When we leave this earth, we cross from one stage of life to another, we shall
be baptised into a new life. We cannot envisage what it will be like, but I have
a feeling that it will not be sitting round all day listening to angels play
harps. Gerard Hughes tells the story of a friend called Ursula Burton who was
diagnosed with cancer. “Ursula had already befriended death”, he writes, “and
had discovered such inner peace that she was able to appreciate the present
moment to the full. If we are going to enjoy life to the full and enjoy every
moment, we need to practice detachment, we need to befriend death”. What a
paradox!, “it is the wisdom of God”, he says.
“I met Ursula a few weeks before she died”, he goes on, “She told me not to let
them put ‘may she rest in peace’ on her tombstone. ‘I have no intention of
resting in peace’, she said. “What do you intend doing”, I asked. ‘I want to be
with people who are crossing from this stage of life to the next, helping those
who are dying to move into their new life”.
To be alive is to live intensely “in the present moment, in the present time”,
writes Brother Roger, “to allow God to bring life to our dry bones”. And Jesus
was intensely alive, aware of what others failed to notice. “To be alive”, says
John Taylor, “is to see ordinary things in an extraordinary way, to be sensitive
to new truth, to respond flexibly to unforeseen demands, to be wide open to
people”.
To be wide open, not withdrawn, to live fully in the moment. If you’re carrying
a full glass of water and someone brushes up against you, knocks your arm, it’s
likely that some of that water will spill on the other person. Likewise, if we
are alive to Christ, than whenever we brush up against another person, something
of Christ will “spill” onto that person.
It’s Friday. but Sunday’s coming. Tony Campolo wrote a book with that title.
“Why is it called Good Friday?” is a question that I suppose we have all asked
at times and probably been asked. I don’t know the theologically correct answer
to that, but it seems to me that we can call today Good Friday because what
happened on that day was a supreme act of love, costly sacrificial love, part of
the ongoing work of God’s creation. This is God of Love Friday.

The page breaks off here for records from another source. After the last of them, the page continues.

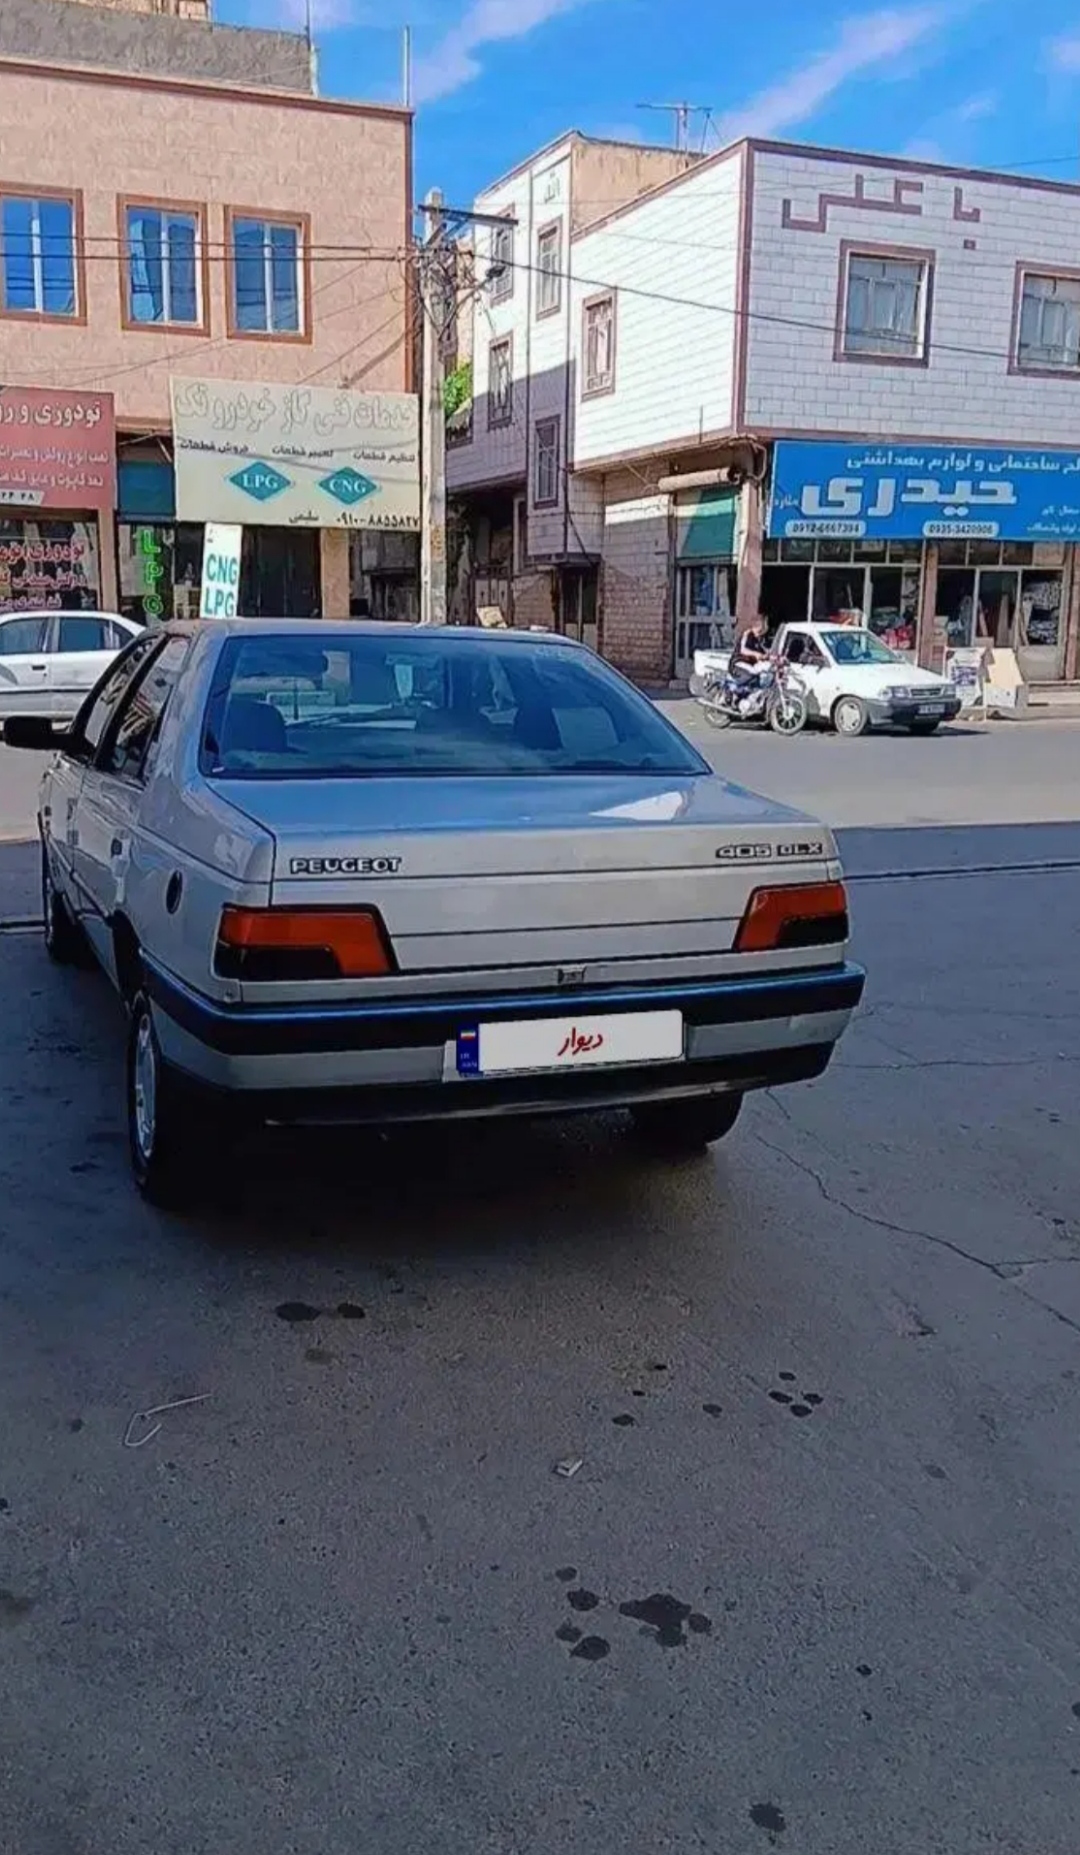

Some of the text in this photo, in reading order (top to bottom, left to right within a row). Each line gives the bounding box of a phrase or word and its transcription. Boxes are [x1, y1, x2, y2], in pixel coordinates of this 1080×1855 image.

[782, 174, 924, 234] علی
[20, 405, 29, 424] و
[35, 401, 101, 429] تودوزی
[280, 388, 312, 435] گاز
[313, 391, 351, 436] فنی
[352, 395, 418, 431] خدمات
[218, 442, 249, 455] فروش
[847, 451, 923, 469] بهداشتی
[928, 452, 972, 472] لوازم
[974, 459, 985, 472] و
[988, 453, 1060, 473] ساختمانی
[243, 474, 279, 489] LPG
[329, 482, 367, 494] CNG
[801, 477, 1018, 517] حیدری
[206, 553, 238, 586] CNG
[204, 587, 235, 618] LPG
[715, 844, 772, 859] 405
[290, 857, 402, 874] PEUGEOT
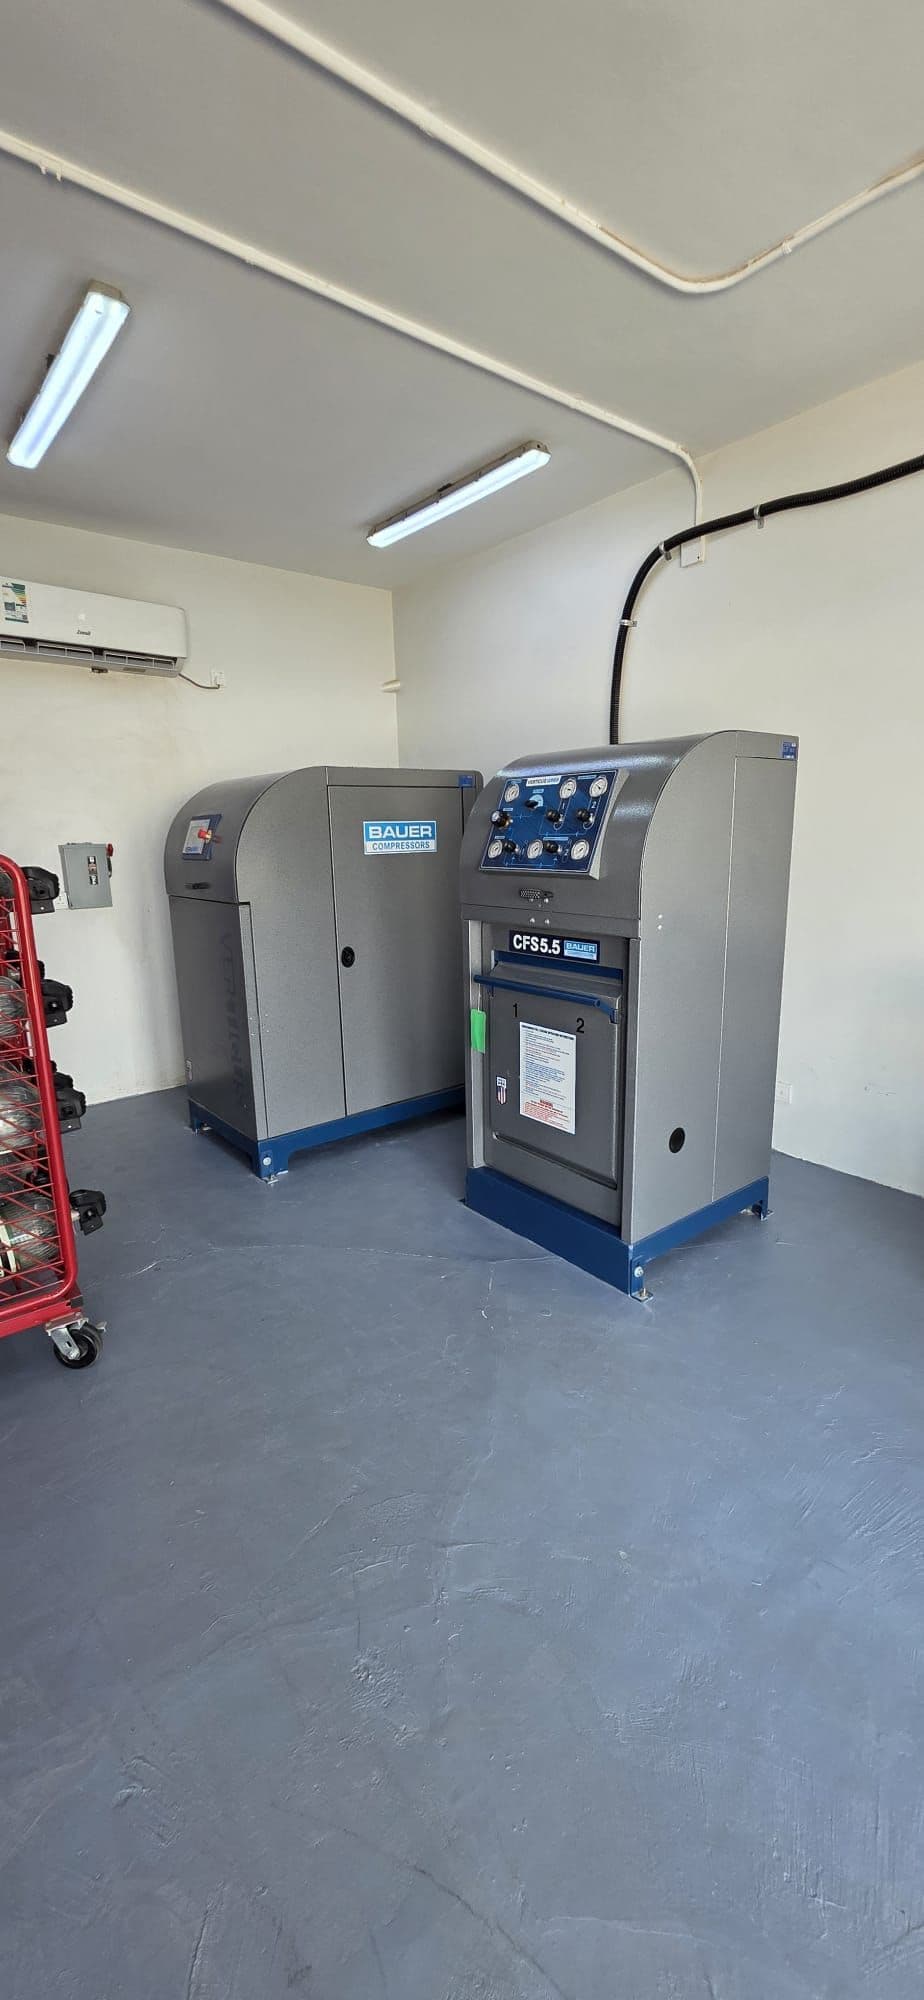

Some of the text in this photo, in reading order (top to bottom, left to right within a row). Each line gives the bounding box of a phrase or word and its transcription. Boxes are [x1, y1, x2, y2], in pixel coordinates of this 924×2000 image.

[369, 826, 432, 839] BAUER
[372, 841, 430, 851] COMPRESSORS
[566, 943, 595, 954] BAUER
[513, 1003, 518, 1018] 1
[576, 1018, 585, 1034] 2
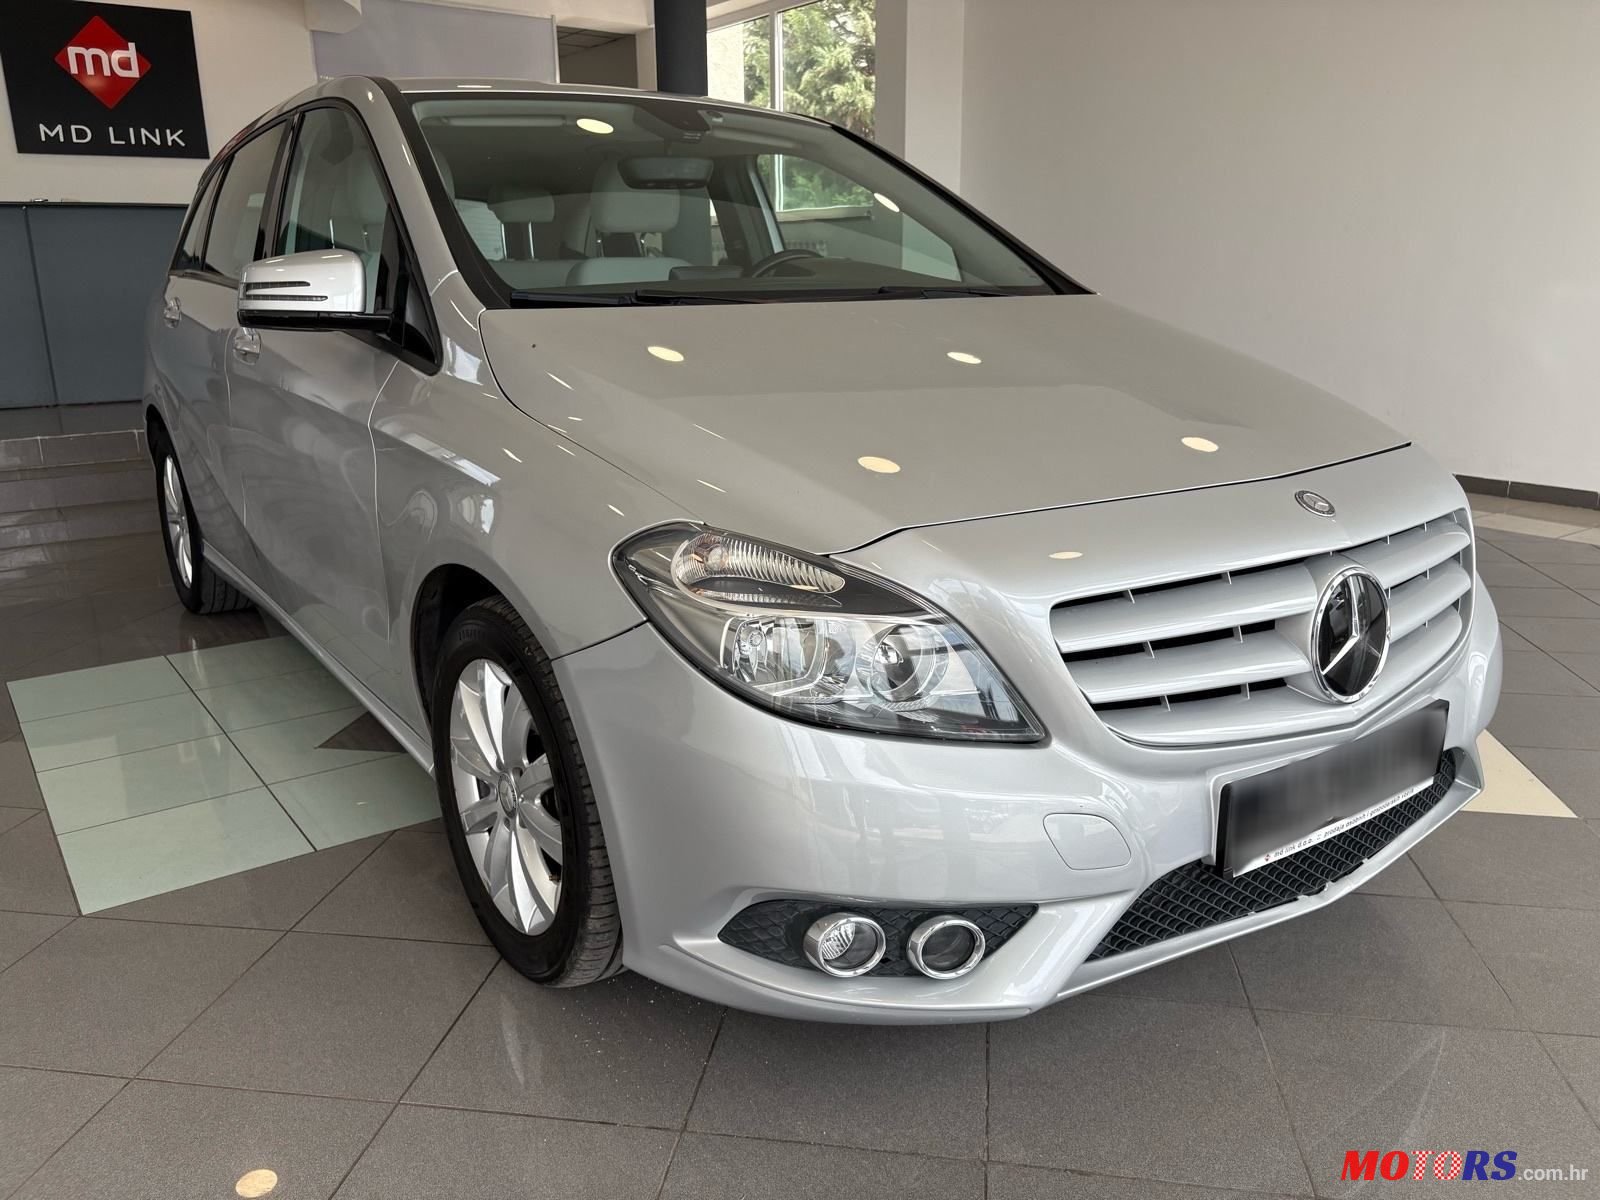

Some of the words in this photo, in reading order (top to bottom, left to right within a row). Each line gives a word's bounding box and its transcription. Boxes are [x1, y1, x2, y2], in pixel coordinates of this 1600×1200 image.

[67, 42, 140, 78] md
[39, 123, 92, 143] MD
[109, 127, 186, 147] LINK
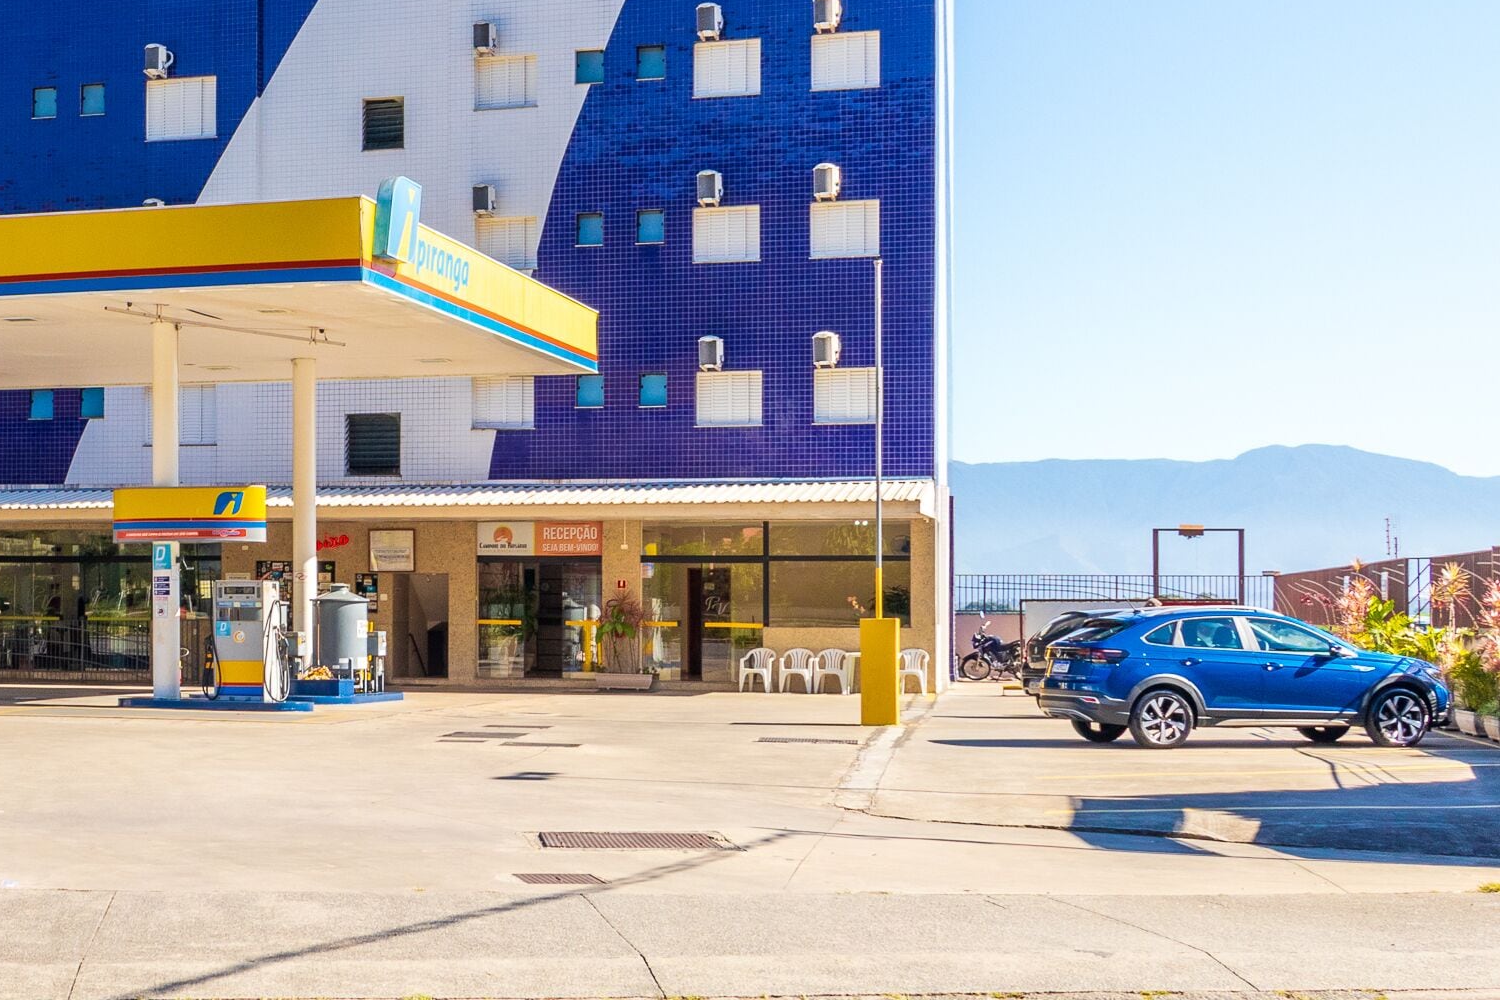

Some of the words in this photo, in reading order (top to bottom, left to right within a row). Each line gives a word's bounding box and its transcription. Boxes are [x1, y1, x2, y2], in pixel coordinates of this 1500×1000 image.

[416, 239, 470, 292] piranga
[542, 524, 599, 541] RECEPÇÃO
[155, 546, 166, 560] D
[542, 543, 558, 553] SEJA

We can call it
good because God’s will was done, and because Friday is followed by Sunday, the
cross followed by the resurrection
Eternal life, the Kingdom of God, shining through the cross and the risen Lord.
The characteristic of God’s kingdom can only be love. It is that Kingdom that
God invites us to help build. His love invites us to let our soul live, as Jesus
lives. “The call that the Gospels address to us all”, says Brother Roger, is
“Leave worry behind, leave hopelessness behind, let your soul live”.
Our soul lives, because of the love that God shows us, a God who so loved the
world that He gave his only Son Jesus, who, in the words of a hymn we sing over
Easter, carried a world of violence and pain, but who is risen, is alive, that
whoever believes in him should not perish but have eternal life.